I want Greg Calbi to master one of my records more than I want just about anything. That’s a goal that I plan to achieve at some point as long as he keeps working. I’d really like to work with Jack Antonoff because the last Lorde record and the last St. Vincent record are both so spectacular. I heard the episode of Song Exploder where Lorde talks about making “Sober” with Jack and it took them a goddamn year. I cannot imagine working on a song for a year. But still I’d really like to see what he would do with my songs. I’d love to work with Aaron Dessner from the National, or Nika Roza Danilova who performs as Zola Jesus. Her records make my jaw drop and she co-produces them. Her music is so different than mine and I’d love to see what we came up with together. There’s a photographer in Brooklyn named Catalina Kulczar whose work I love and I look forward to her taking pictures of me at some point. What she does is very inspiring. I’d love to tour with David Bazan, I guess now it’s Pedro The Lion. I love and respect him so fucking much. I’d also love to open for Phoebe Bridgers, The National, Ryan Adams, Beach House, Cat Power. There are so many. I would absolutely DIE if I got to work with Lana Del Rey in any capacity. John Moreland’s records push me to work harder. He’s the best songwriter working today as far as I’m concerned. Shovels and Rope and Margo Price both mean so much to me. I’ve tried to consciously move away from the Americana label but I would work with either of them in a heartbeat. Just yes. No question about it. I continue to be inspired by Paul McCartney, Jack White, Cyndi Lauper, Trent Reznor, Bruce Springsteen, and so many others. I could talk about bands and how much I love them for days. This doesn’t even scratch the surface.

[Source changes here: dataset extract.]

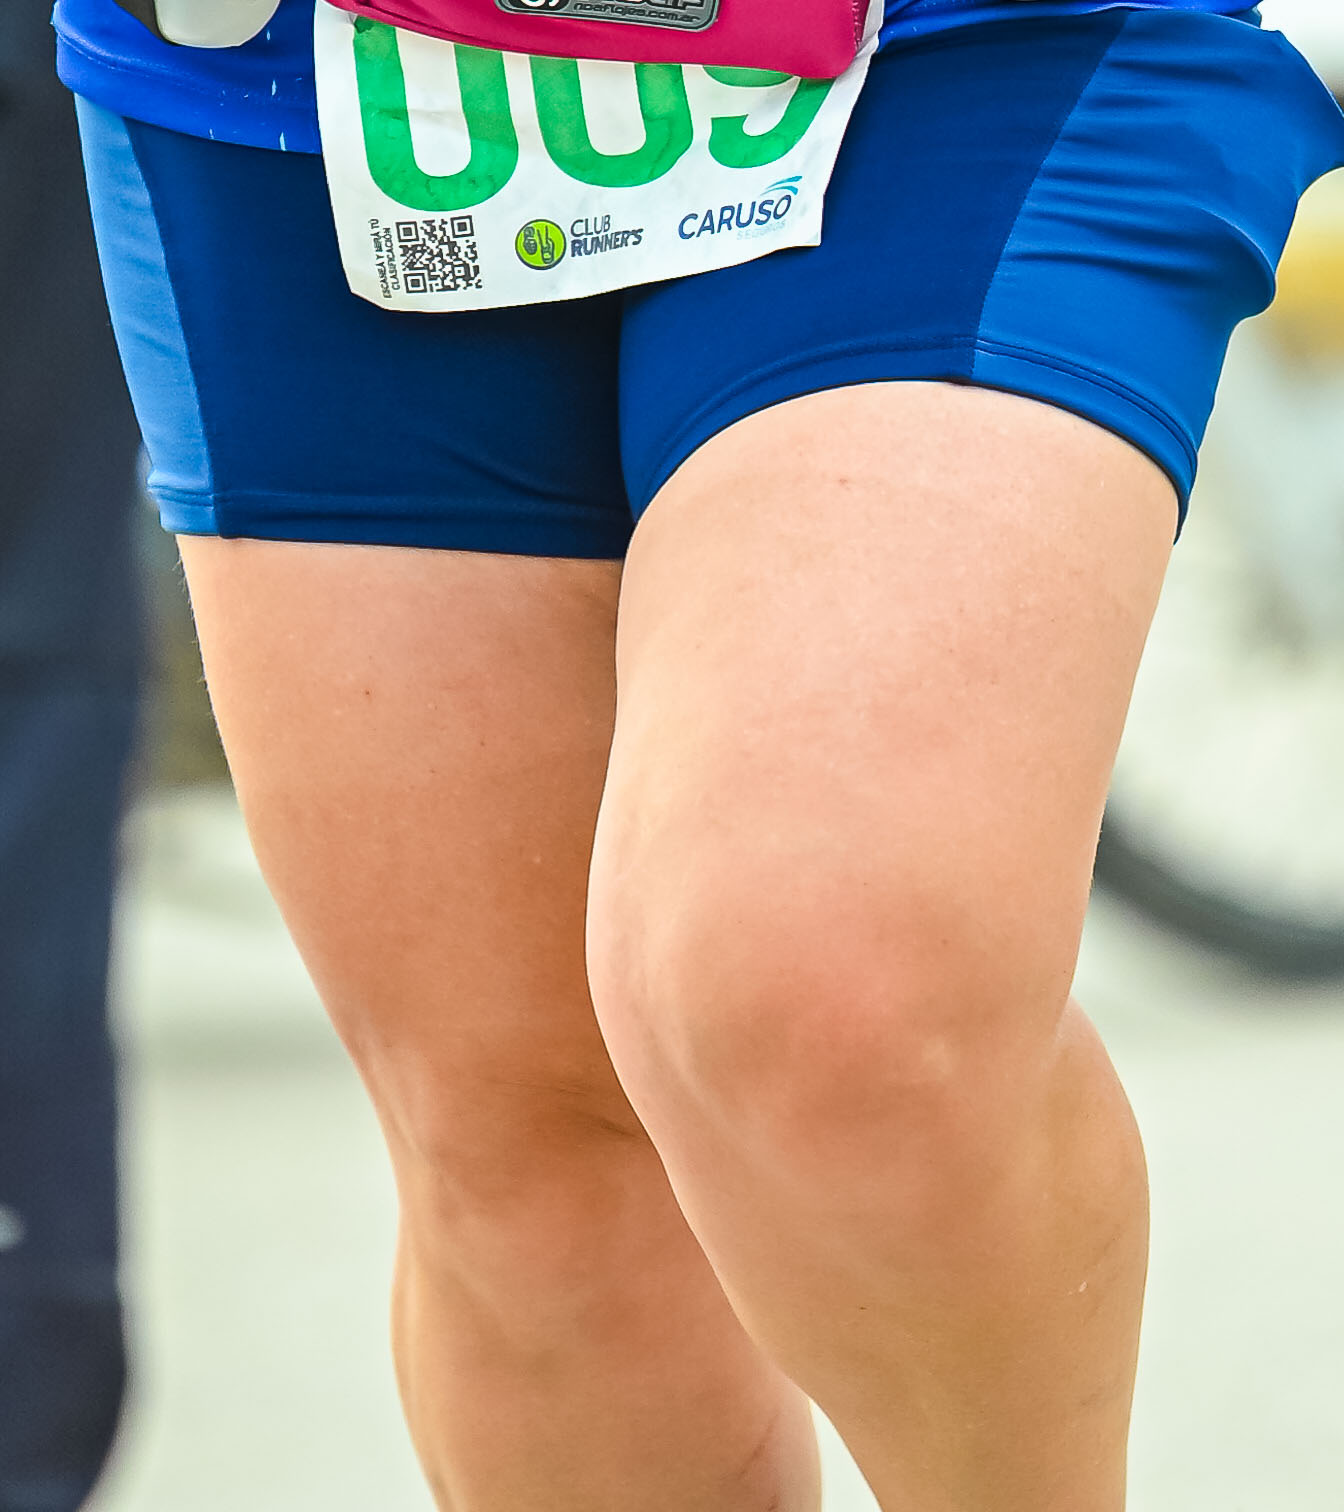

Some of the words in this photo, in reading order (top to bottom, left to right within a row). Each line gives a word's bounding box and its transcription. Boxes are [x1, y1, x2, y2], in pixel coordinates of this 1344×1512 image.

[570, 215, 611, 237] CLUB
[678, 194, 792, 240] CARUSO
[570, 228, 644, 258] RUNNER'S

If you were going to be stranded on a deserted island forever, what musical item would you take with you and why?
A guitar seems like the obvious choice but I don’t know what I would do for new strings once I broke them.
If your music was going to be featured on any TV show that is currently on right now, which would you love it to be on? Or if you prefer, what is a movie that you love that you wish your music was featured in?
Creatively speaking my favorite thing ever would be to have a melody used in Westworld on the player piano. It’s the coolest show going and the way they use current songs and make them sound the way they do on that piano is fucking outstanding. I would be honored forever to have a song used in any project the Duplass brothers are associated with. I have mad respect for those guys and I love all the work they do. I would of course love for any TV show or movie to license my music. I guess the one mainstream show that I’d pick if it were up to me would be This Is Us because it really seems to connect with a lot of people in a very emotional way. My mom loves NCIS a LOT so if they ever used one of my songs I would be really excited because that would make her happier than the paycheck would make me, and I’d LOVE that paycheck.
At the end of the day, what do you hope your fans take away from your music?
I’m speaking as authentically as possible and even when the stories in the songs aren’t about me the emotions are very real. They’re something I’ve felt or experienced. I hope that people connect with those emotions even when they don’t relate to the narrative of a particular song. I hope people are uplifted and encouraged. I hope that they’re inspired to find their own voice, or use their own voice if they’ve already found it to speak their truth and to speak truth to power. I hope the songs make people have a good time and they become a part of their lives in the same way my favorite music has become a part of mine.